Mówiłem: dobrze jest być chorym, ważne jest, aby być zdrowym!
Jednak jednostka powoli ma dość dzisiejszego życia politycznego i publicznego. Wojna, sankcje, inflacja, codzienne życie ludzi są przesiąknięte walkami politycznymi. Podczas gdy europejska elita polityczna przez dziesięciolecia próbowała zapewnić ludziom dobrobyt, niektórzy uznali, że to się powinno skończyć. Aby nie cofać się zanadto z kołem czasu, wystarczy pomyśleć o zapoczątkowaniu migracji, którymi mogły zostać rozdarte społeczeństwa europejskie. Nie wyszło to jednak tak dobrze, trzeba było szukać nowego terenu, dla którego Ukraina wydawała się dobrym tematem. Przy pomocy pewnych manipulacji rozpętała się wojna, której sok piją obecnie setki milionów Europejczyków. Taktyka zadziałała, jest coraz więcej niezadowolonych ludzi, każdy karci drugą stronę, a nawet wybraną przez siebie elitę polityczną.

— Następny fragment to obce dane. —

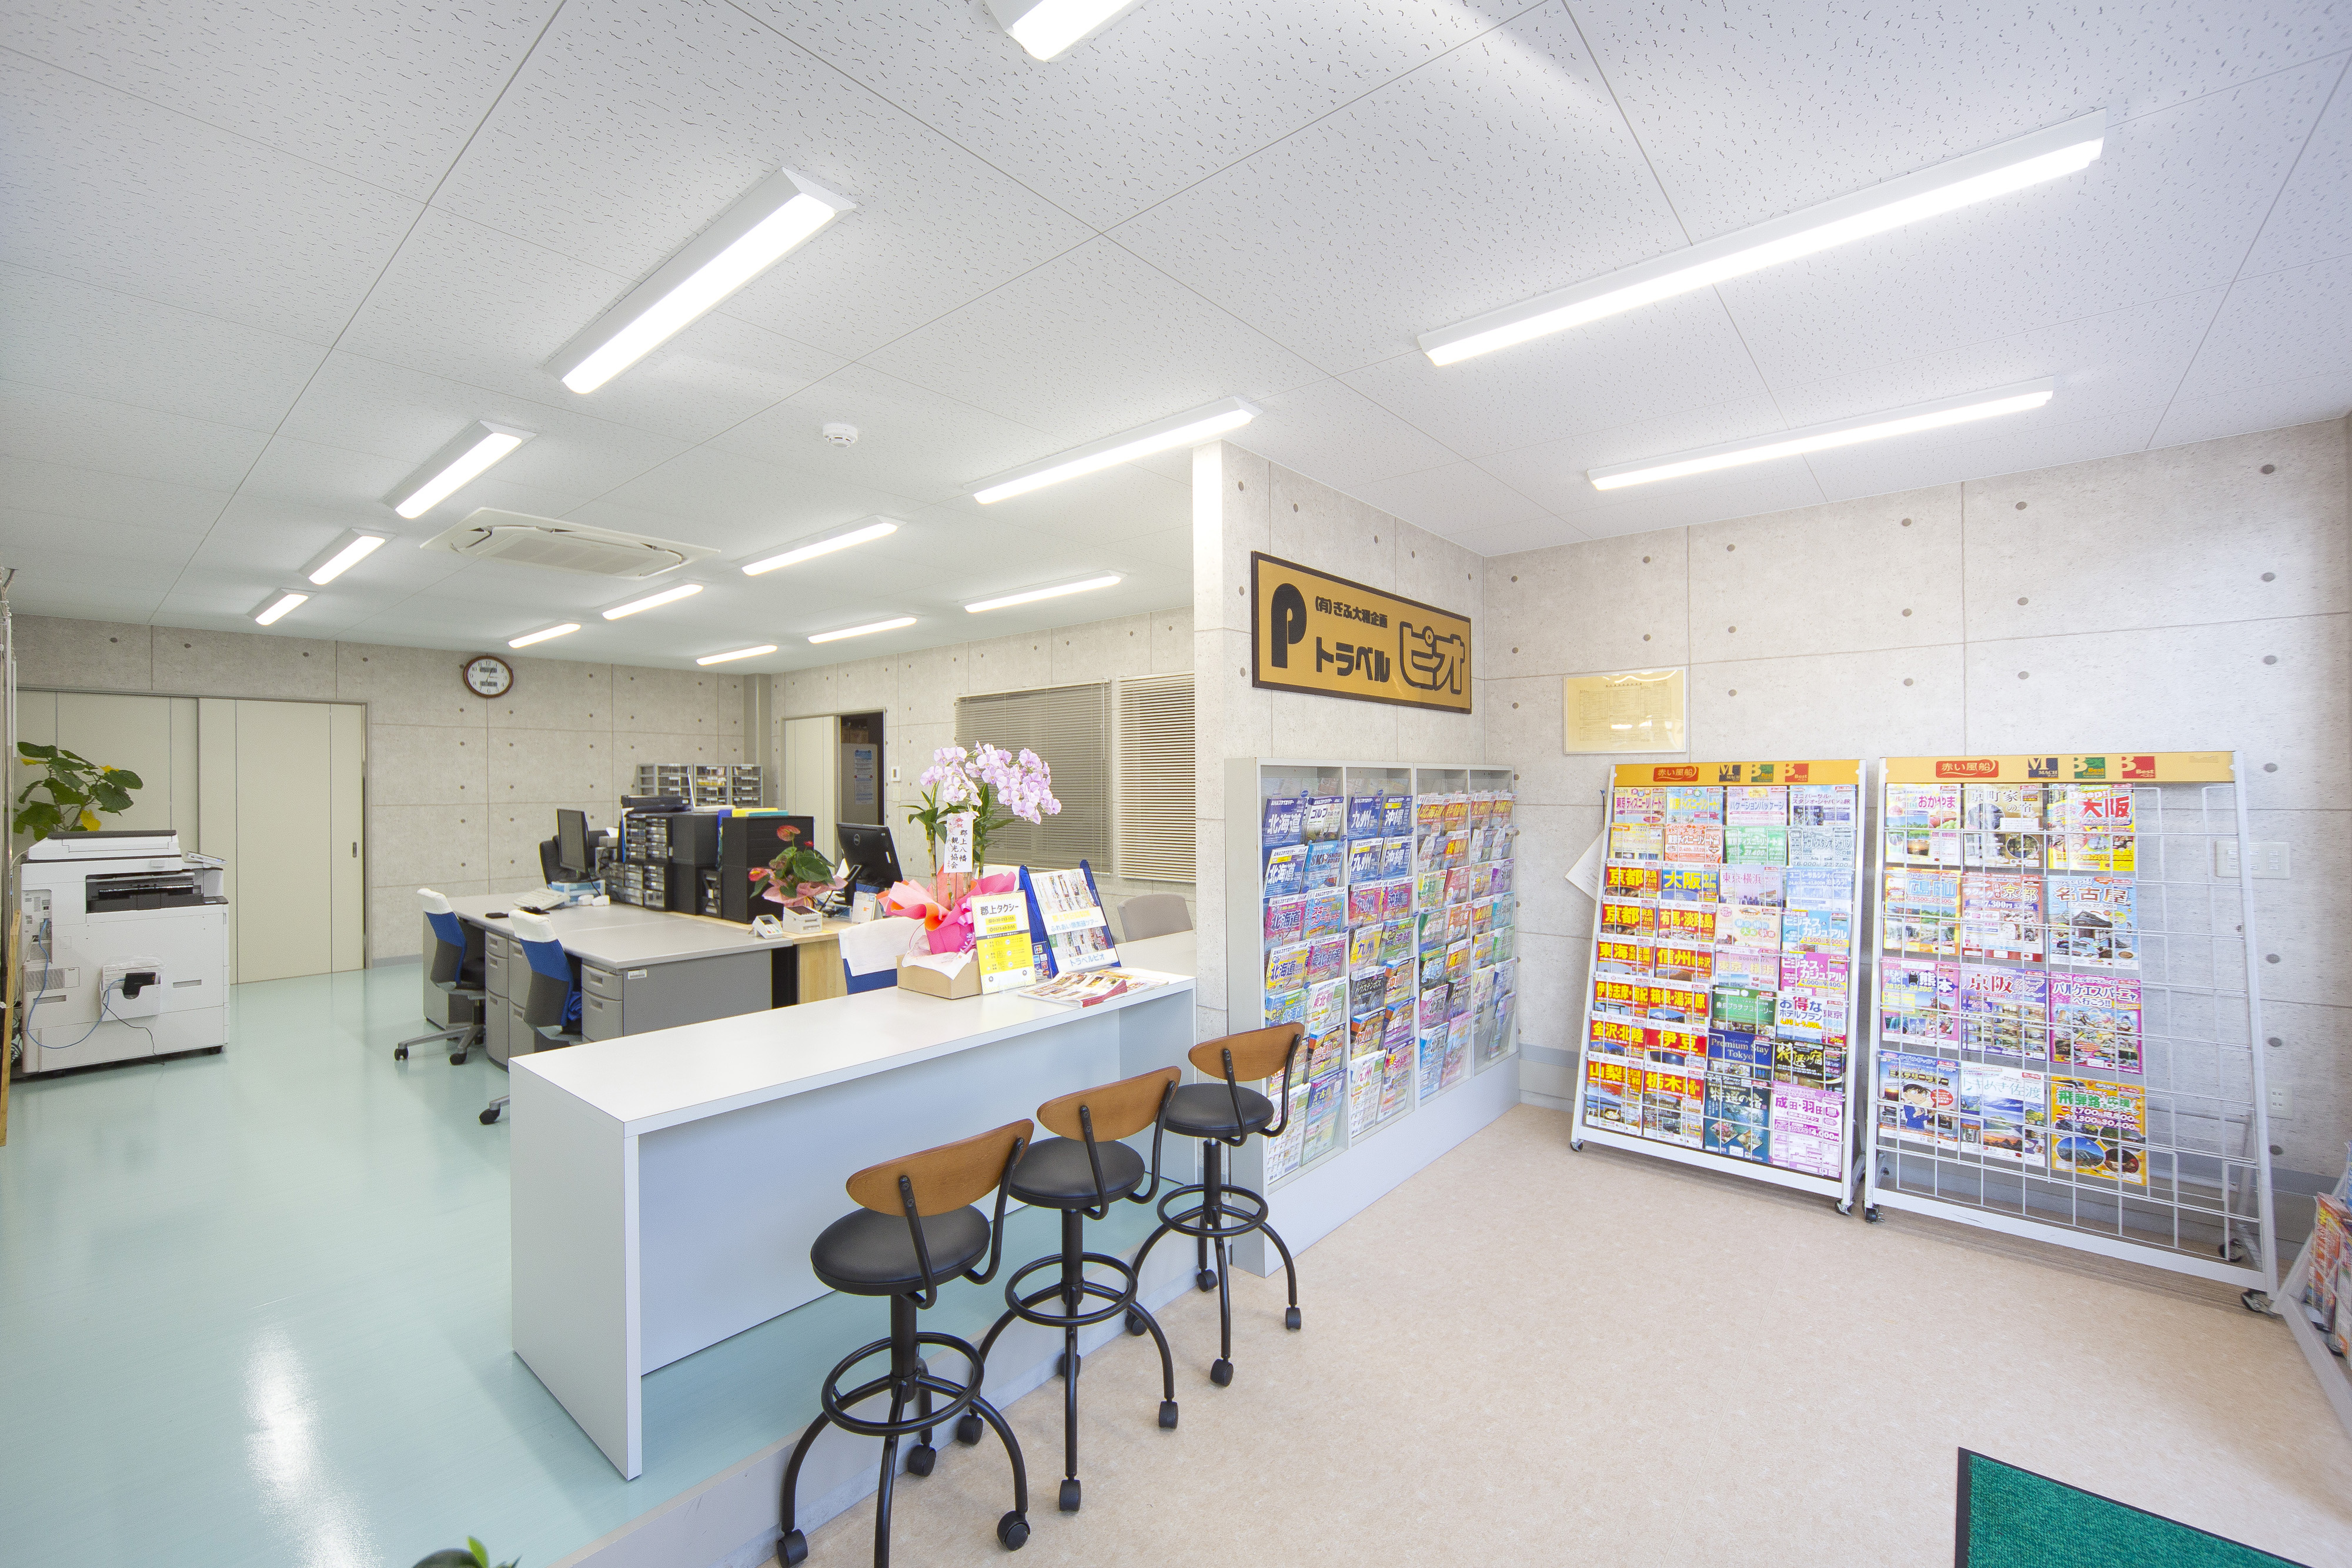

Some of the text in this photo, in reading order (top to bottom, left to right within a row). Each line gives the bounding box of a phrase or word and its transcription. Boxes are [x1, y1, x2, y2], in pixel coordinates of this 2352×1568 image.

Można odnieść wrażenie, że tyrady polityków europejskich „żyjących w głębokiej nędzy” spotykają się ze znaczną warstwą zrozumienia nie tylko w kraju, ale w całej Europie, gdy wypowiadają się o ocenach i środkach, które powstały w wyniku wojennego chaosu. Pojawiły się nowe słowa, wojna energetyczna, ubóstwo energetyczne, kryzys środków do życia itp. A wszystko to wykrzykują ci, których przyjaciele z zasady spowodowali sytuację. Naprawdę nie obchodzi ich, co stanie się z elektoratem, wolą zasadę perswazji, przygotowują się na siedem wąskich lat, które potrwają nie wiadomo jak długo. Kąpcie się mniej, nie prajcie, wietrzcie ubrania, bo Putin rozpoczął wojnę energetyczną z Europą, a my nic nie możemy, szukamy alternatyw!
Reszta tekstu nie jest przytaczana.